US community colleges under pressure

The American Council of Education (ACE) is conducting a series of pulse surveys, and has published results from the May, June, and July survey cycles.

The surveys go out to college and university presidents throughout the United States, and there are some interesting patterns to be observed in the thinking of institutional leaders over the three reporting months available to this point.

As the following charts illustrate, the expectations of college and university leaders with respect to fall enrolment became somewhat more optimistic from May through July. More than half still expected that fall enrolment would decrease as of July, but that compares to the 67% that expected an enrolment drop as of May.

College and university president expectations for fall 2020 enrolment as of May, June, and July 2020. Source: ACE
College and university president expectations for fall 2020 enrolment as of May, June, and July 2020. Source: ACE

The other variable that jumps out in these early survey results is that the most pessimistic outlook is for public two-year institutions, which are commonly referred to as junior colleges or community colleges. As of July, nearly three in four presidents expected that their college enrolments would decline in the fall. Also notable is that the survey outlook was worse among two-year colleges in July than was the case in May.

The reasons for the declining outlook for two-year colleges are not entirely clear but some of the factors appear to be that most of these institutions (92% as of this fall) are continuing with online delivery. Most also offer shorter-term programmes, and many of those focus on applied learning, which may not always translate as well to online delivery.

The outlook for Canada

This pattern is also playing out to some extent in Canada, where a large number of colleges and universities have also now reported on actual or expected enrolments for fall.

Consultant and futurist Ken Steele has compiled these reports into a detailed summary on his Eduvation blog, and again there are some clear trends emerging in those figures.

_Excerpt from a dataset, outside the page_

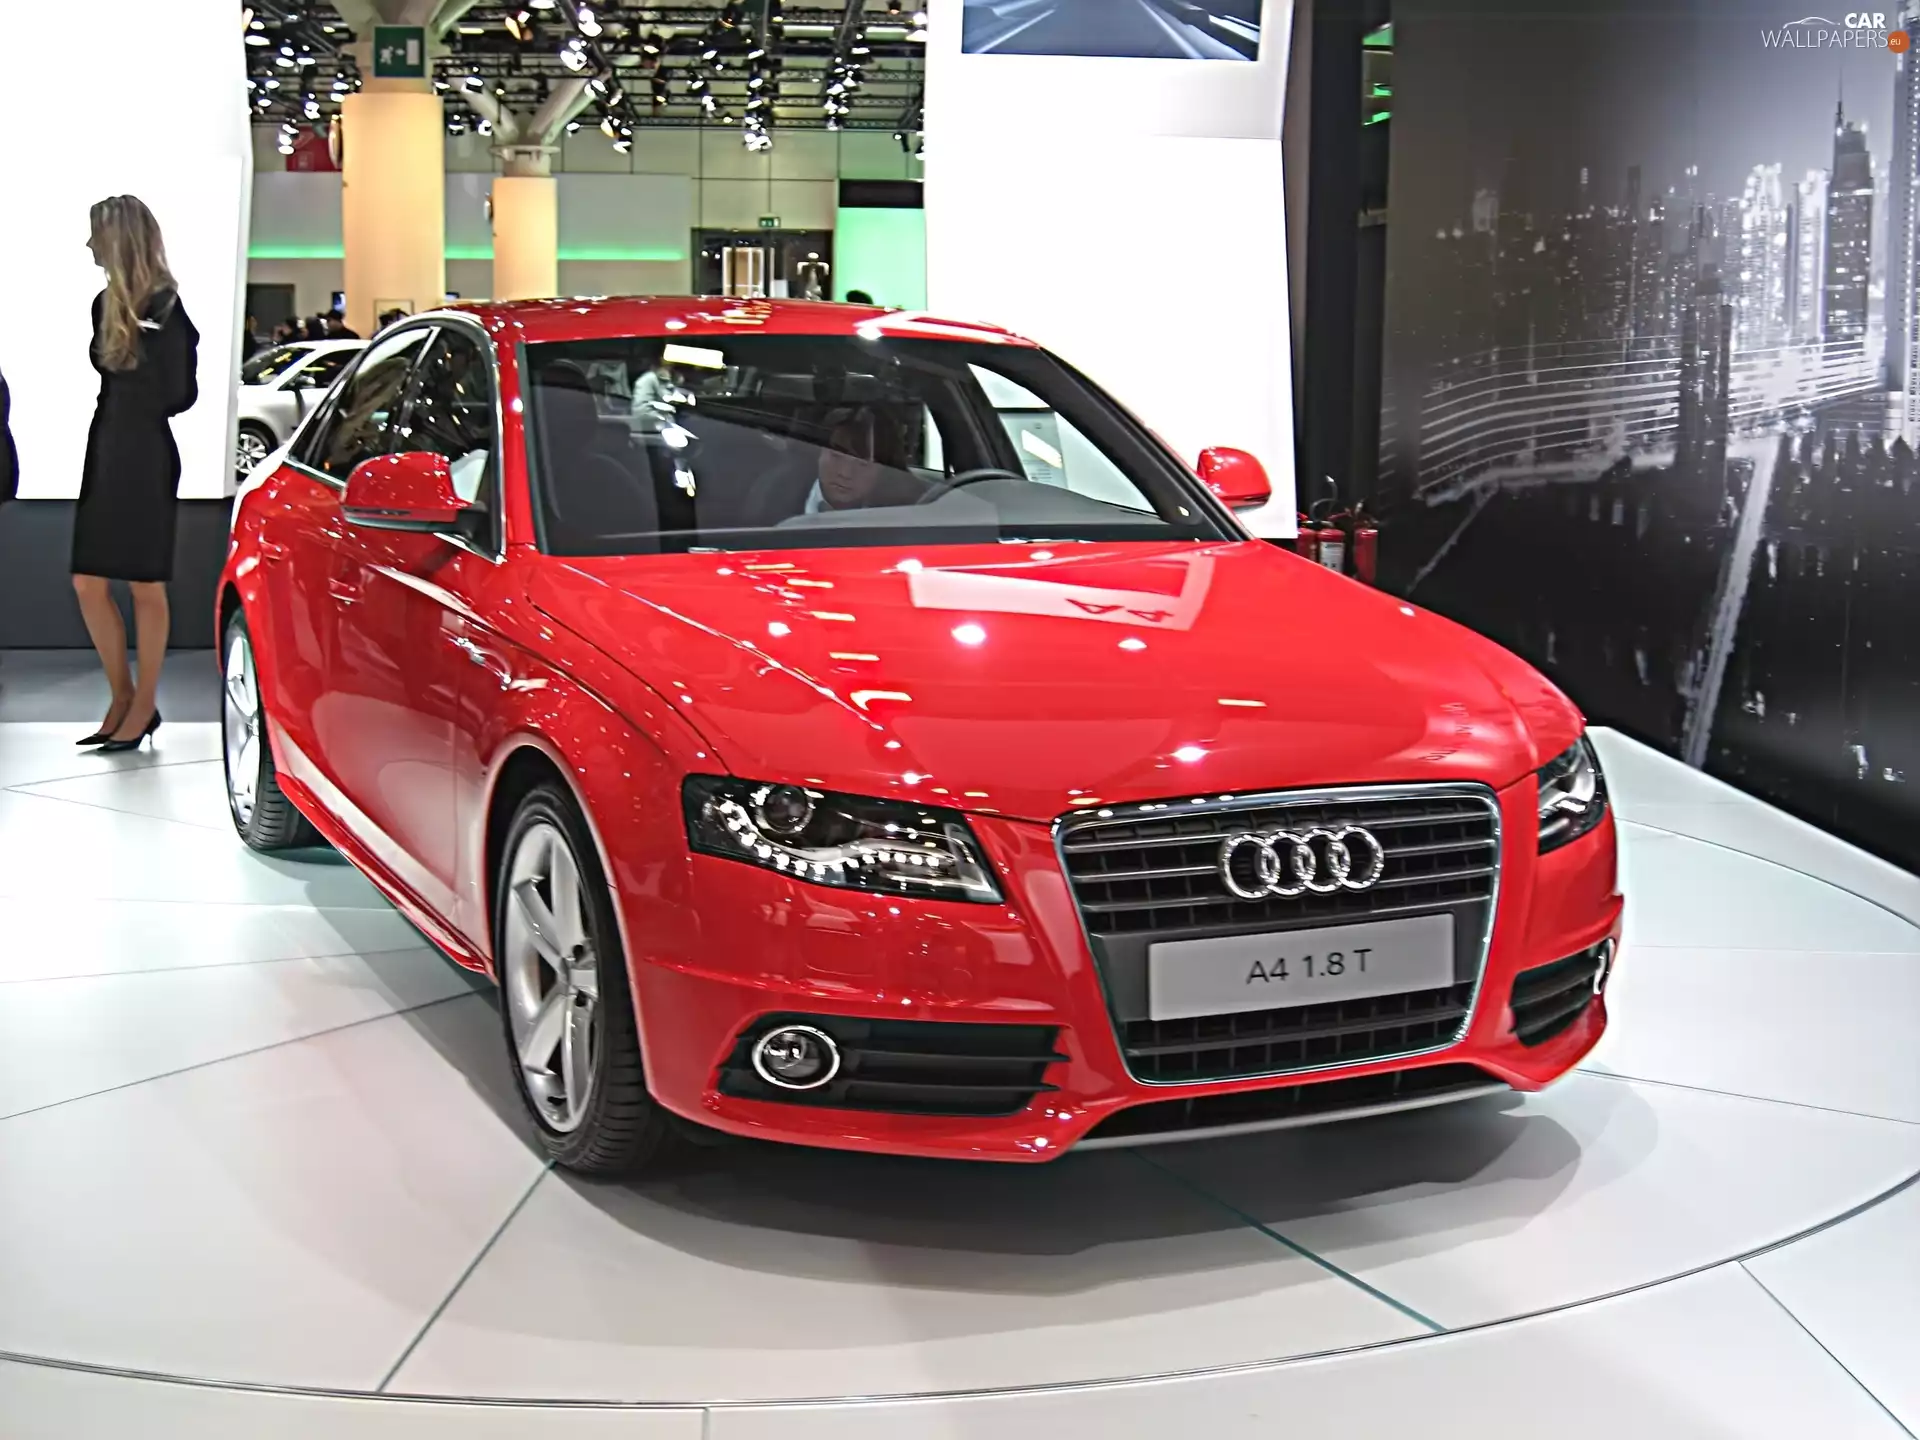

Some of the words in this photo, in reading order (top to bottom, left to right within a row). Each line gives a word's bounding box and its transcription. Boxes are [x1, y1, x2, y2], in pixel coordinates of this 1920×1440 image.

[1246, 957, 1290, 984] A4
[1302, 952, 1345, 977] 1.8
[1352, 948, 1373, 972] T

Mr Steele notes that, as in the US, community colleges in Canada are seeing significant downward pressure on both domestic and international numbers. Applied programmes at these institutions, many of which (a) are one-to-two years in duration and (b) rely on some level of hands-on learning, are especially vulnerable during the shift to online learning this year.

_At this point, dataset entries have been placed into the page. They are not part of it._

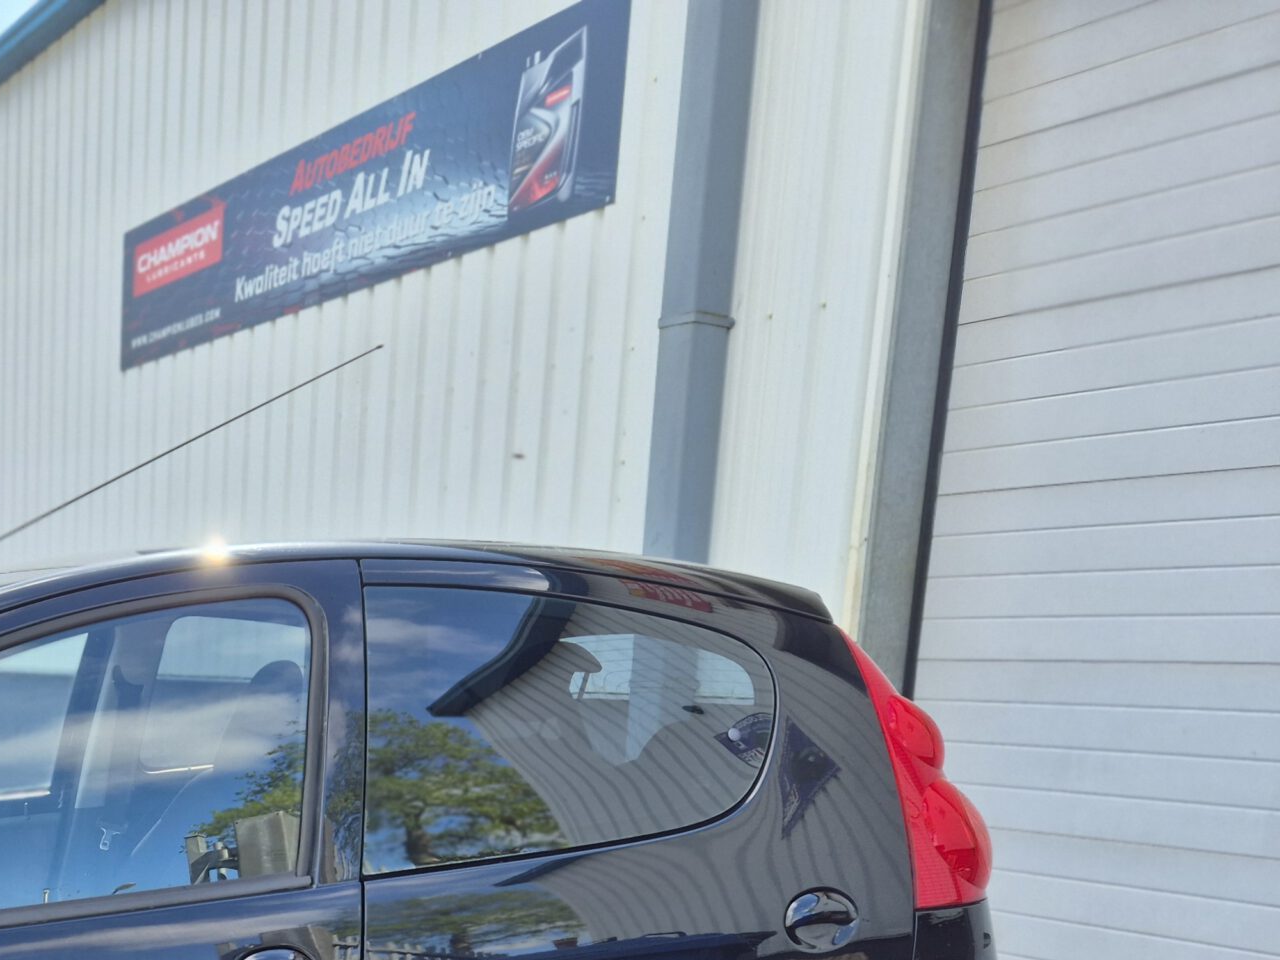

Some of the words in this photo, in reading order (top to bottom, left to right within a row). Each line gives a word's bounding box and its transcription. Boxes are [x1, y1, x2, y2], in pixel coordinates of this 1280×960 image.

[288, 111, 417, 197] AUTOBEDRIJF
[272, 188, 342, 248] SPEED
[344, 166, 389, 219] ALL
[397, 148, 431, 197] IN
[137, 219, 220, 273] CHAMPION
[235, 256, 299, 302] Kwaliteit
[301, 236, 346, 274] hoeft

A number of colleges in Ontario with large international programmes, for example, are projecting significant enrolment drops this fall, including Georgian College (-24%), Humber College (-40%), Sheridan College (-42%), and St Clair College (-50%).

Similarly, those universities that have publicly reported projections for the year ahead are anticipating significant declines in international numbers, typically ranging from -20% to -50%. Some have put a dollar value on that decrease as well, with the University of British Columbia anticipating a CDN$76 million shortfall in international tuition revenues for the 2020/21 academic year, and Thompson Rivers University forecasting a CDN$20 million drop in international tuition.

More broadly, Mr Steele observes that larger research institutions may have an advantage in terms of attracting domestic students this year, while, ironically, some smaller institutions that emphasise more the quality of their campus communities or student experience may be at more of a disadvantage. “It wouldn’t surprise me if the big winners in domestic enrolment were top research universities like [University of Toronto], [University of Waterloo], [Western University], and [University of Saskatchewan],” he says. “Far-flung Canadian undergrads see an opportunity to attend a big brand institution without leaving home, and may even assume that larger institutions have better-developed online offerings.” Meanwhile, “It appears as though many of the universities struggling with domestic enrolment this fall are those that have always prided themselves on their campus experience (like Acadia, Brandon, Bishop’s and [Mount Saint Vincent University]).”